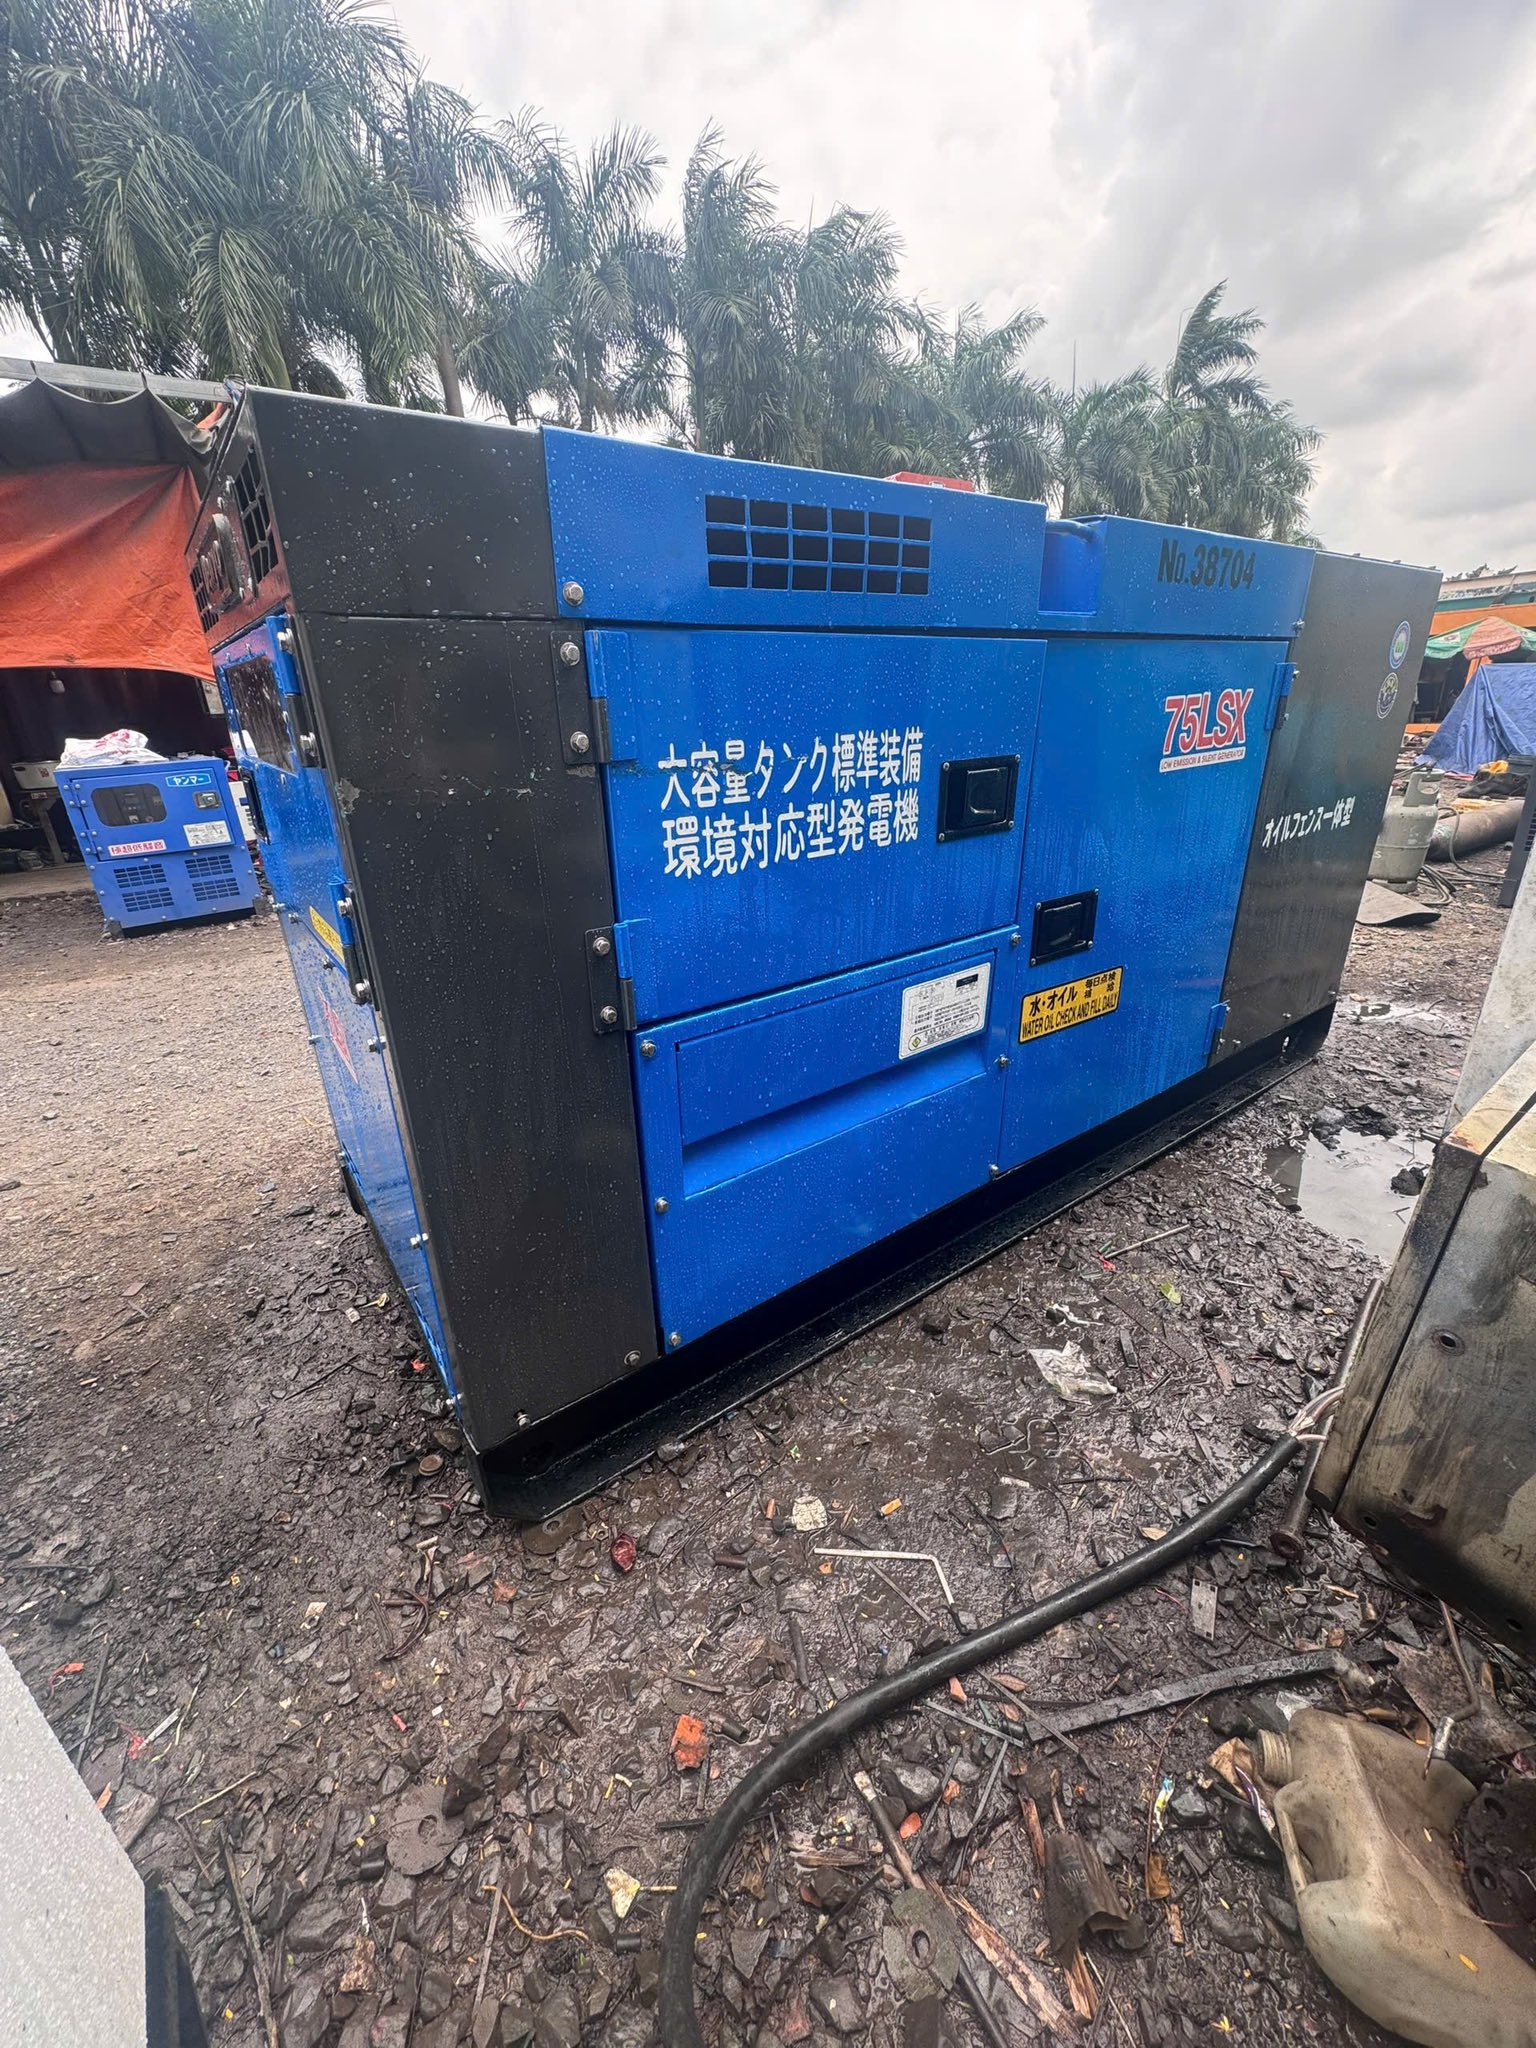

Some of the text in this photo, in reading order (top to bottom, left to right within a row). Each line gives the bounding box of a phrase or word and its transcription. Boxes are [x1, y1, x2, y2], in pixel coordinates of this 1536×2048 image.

[1157, 538, 1256, 590] No.38704
[1163, 688, 1254, 755] 75LSX
[173, 775, 204, 786] ヤンマー
[658, 726, 924, 810] 大容量タンク標準装備
[1173, 757, 1197, 768] EMISSION
[1201, 753, 1217, 764] SILENT
[661, 788, 919, 880] 環境対応型発電機
[1022, 993, 1118, 1038] WATER OIL CHECK AND FILL DAILY
[1029, 985, 1078, 1017] 水・オイル
┄┄┄┄┄┄┄┄┄┄┄┄┄┄┄┄┄┄┄┄
[EXERCISE]
A verbatim rendering of the listing above is required, without any of its pictures.

[YOUR SOLUTION]
Some of the text in this photo, in reading order (top to bottom, left to right within a row). Each line gives the bounding box of a phrase or word and its transcription. Boxes are [x1, y1, x2, y2], in pixel coordinates of this 1536×2048 image.

[1157, 538, 1256, 590] No.38704
[1163, 688, 1254, 755] 75LSX
[173, 775, 204, 786] ヤンマー
[658, 726, 924, 810] 大容量タンク標準装備
[1173, 757, 1197, 768] EMISSION
[1201, 753, 1217, 764] SILENT
[661, 788, 919, 880] 環境対応型発電機
[1022, 993, 1118, 1038] WATER OIL CHECK AND FILL DAILY
[1029, 985, 1078, 1017] 水・オイル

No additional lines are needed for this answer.